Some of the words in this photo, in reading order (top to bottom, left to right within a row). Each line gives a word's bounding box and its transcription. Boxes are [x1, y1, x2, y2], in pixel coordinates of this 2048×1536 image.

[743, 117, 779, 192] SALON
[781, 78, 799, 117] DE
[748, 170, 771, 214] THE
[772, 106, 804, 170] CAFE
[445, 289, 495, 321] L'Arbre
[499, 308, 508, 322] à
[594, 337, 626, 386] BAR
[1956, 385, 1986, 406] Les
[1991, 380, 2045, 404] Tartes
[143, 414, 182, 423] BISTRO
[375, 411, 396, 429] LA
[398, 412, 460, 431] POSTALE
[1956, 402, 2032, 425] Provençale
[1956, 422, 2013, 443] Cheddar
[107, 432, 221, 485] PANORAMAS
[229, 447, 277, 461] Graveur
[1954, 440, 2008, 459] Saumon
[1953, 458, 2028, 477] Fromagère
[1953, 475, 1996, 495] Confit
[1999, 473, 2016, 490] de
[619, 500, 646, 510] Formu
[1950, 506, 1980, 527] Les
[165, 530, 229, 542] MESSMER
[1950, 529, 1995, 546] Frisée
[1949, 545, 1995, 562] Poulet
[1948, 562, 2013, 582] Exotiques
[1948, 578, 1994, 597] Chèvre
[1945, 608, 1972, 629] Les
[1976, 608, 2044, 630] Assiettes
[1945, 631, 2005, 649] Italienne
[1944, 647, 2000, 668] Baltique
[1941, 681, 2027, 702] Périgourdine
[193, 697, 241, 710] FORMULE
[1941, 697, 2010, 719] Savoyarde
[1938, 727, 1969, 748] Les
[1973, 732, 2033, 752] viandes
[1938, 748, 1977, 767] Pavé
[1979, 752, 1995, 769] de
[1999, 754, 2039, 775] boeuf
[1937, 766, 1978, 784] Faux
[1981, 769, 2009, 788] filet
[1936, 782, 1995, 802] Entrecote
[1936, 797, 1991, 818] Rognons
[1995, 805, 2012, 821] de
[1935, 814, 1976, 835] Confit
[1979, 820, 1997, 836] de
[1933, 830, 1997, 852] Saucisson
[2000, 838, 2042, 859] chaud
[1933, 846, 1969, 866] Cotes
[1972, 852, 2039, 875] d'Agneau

> **Exercise**
Scanning the data above, copy out every line where "Confit" is found.

> **Output for this exercise**
[1953, 475, 1996, 495] Confit
[1935, 814, 1976, 835] Confit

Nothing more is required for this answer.